To do:
Each image should be skipped while the records are restated word for word.

[Collected data]
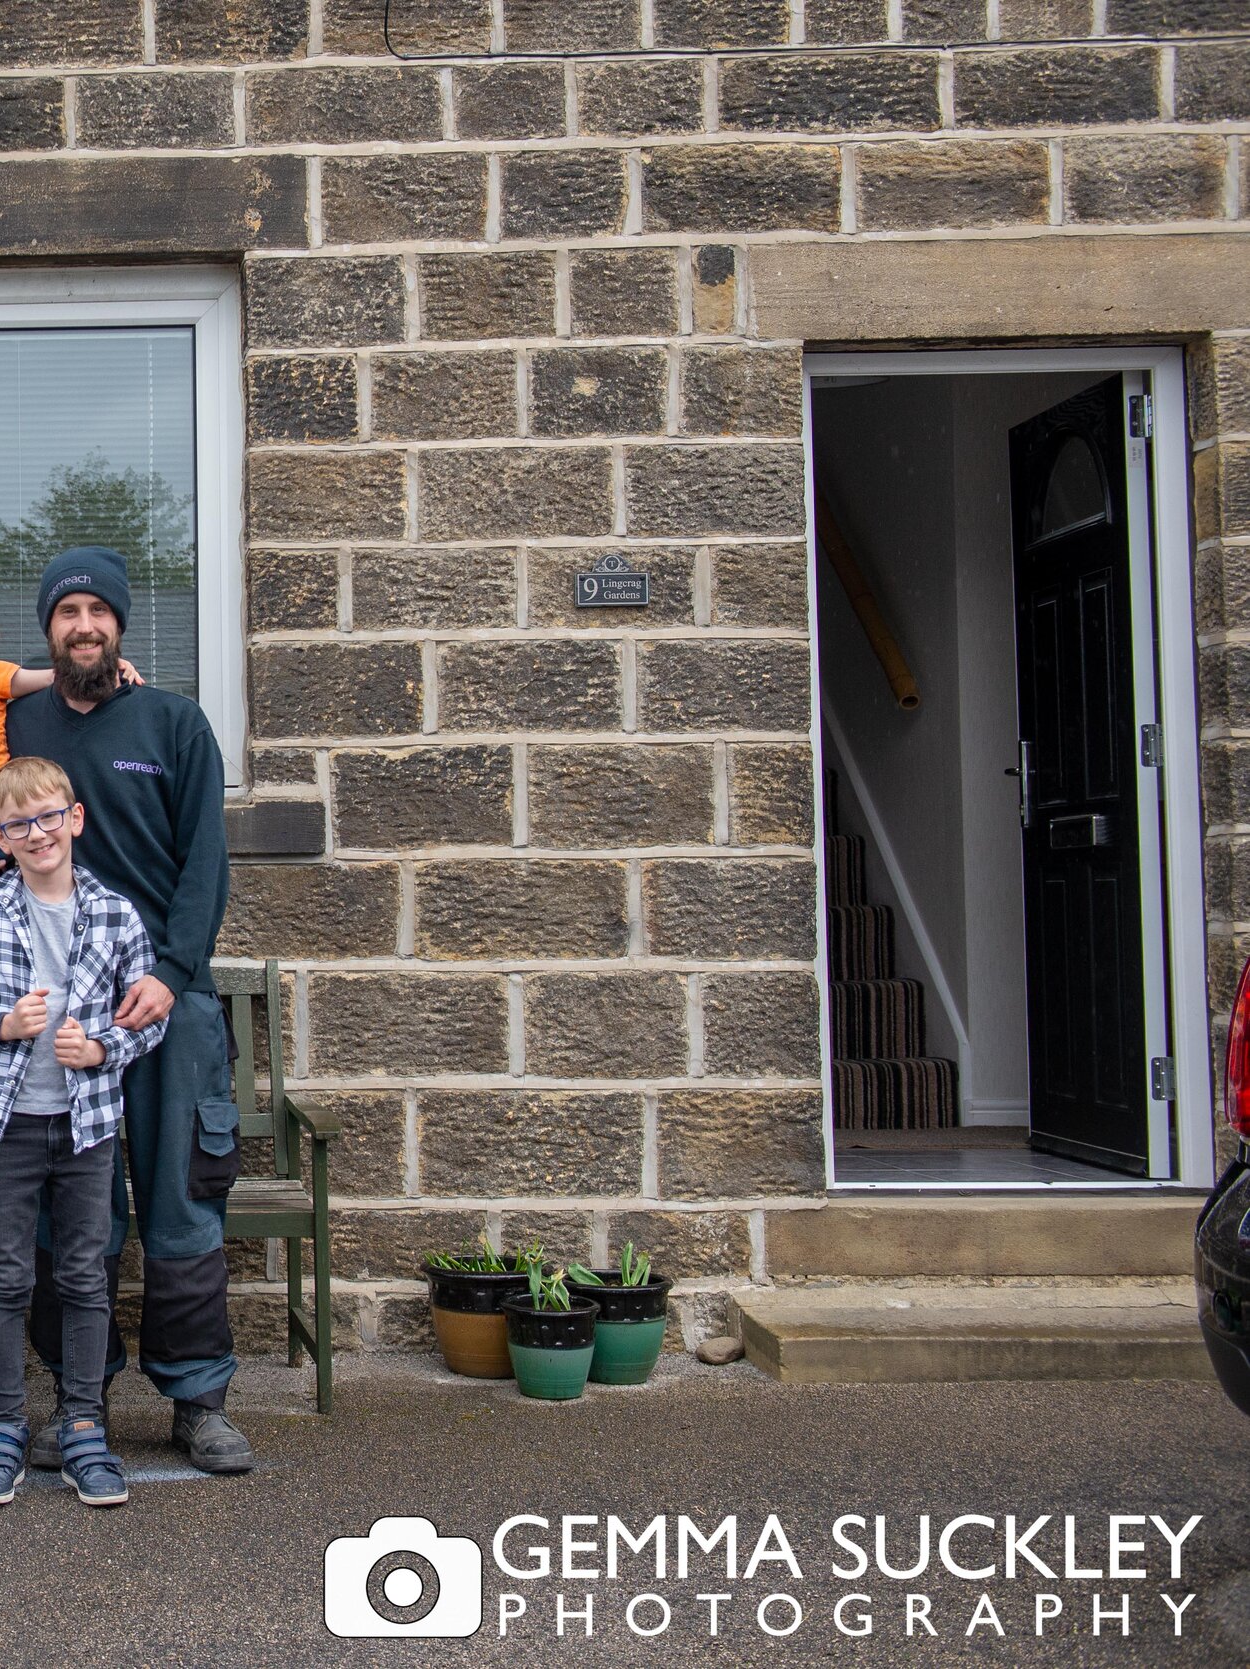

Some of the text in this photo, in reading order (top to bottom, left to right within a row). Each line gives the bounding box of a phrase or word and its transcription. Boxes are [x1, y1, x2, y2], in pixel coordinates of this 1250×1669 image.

[608, 560, 616, 568] T
[46, 574, 92, 604] openreach
[583, 577, 599, 602] 9
[602, 578, 642, 590] Lingcrag
[603, 590, 641, 600] Gardens
[113, 760, 162, 776] openreach
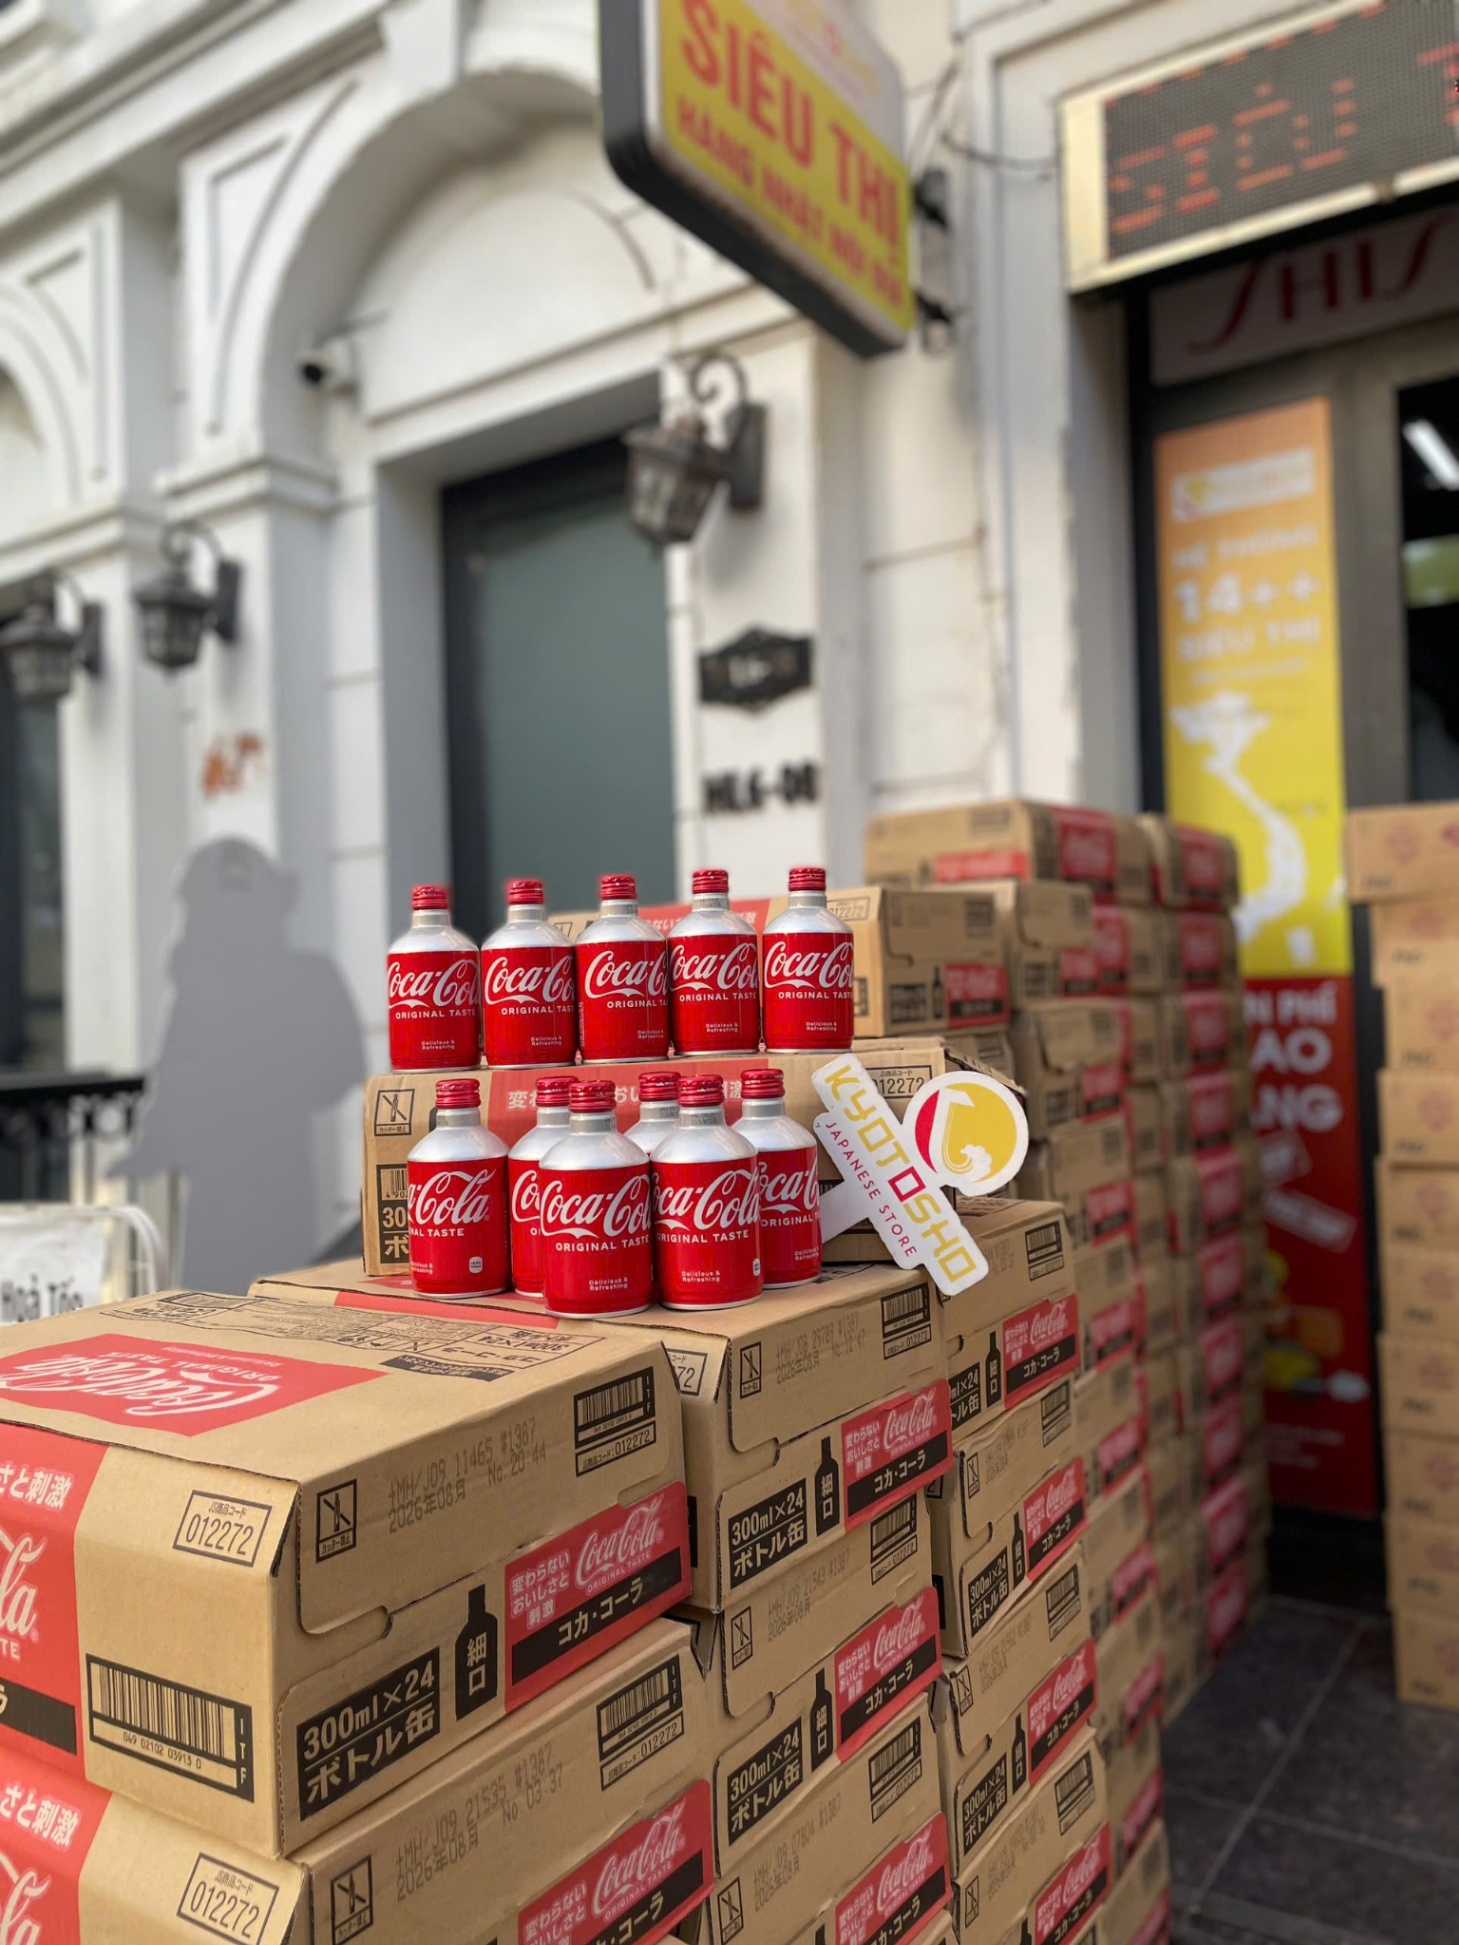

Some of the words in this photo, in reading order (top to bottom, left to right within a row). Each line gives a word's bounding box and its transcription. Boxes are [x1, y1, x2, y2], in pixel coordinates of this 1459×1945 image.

Answer below:
Some of the text in this photo, in reading order (top to bottom, left to right within a row). Each line gives the bounding box of a phrase or word and its transcription. Boxes are [x1, y1, x2, y2], in pixel coordinates of this 1250×1669 image.

[608, 560, 616, 568] T
[46, 574, 92, 604] openreach
[583, 577, 599, 602] 9
[602, 578, 642, 590] Lingcrag
[603, 590, 641, 600] Gardens
[113, 760, 162, 776] openreach

Some of the words in this photo, in reading order (top to bottom, left to right within a row). Each line gives a word's bounding box and its transcription. Boxes are [x1, y1, x2, y2], in pixel coordinates of this 1459×1945 image.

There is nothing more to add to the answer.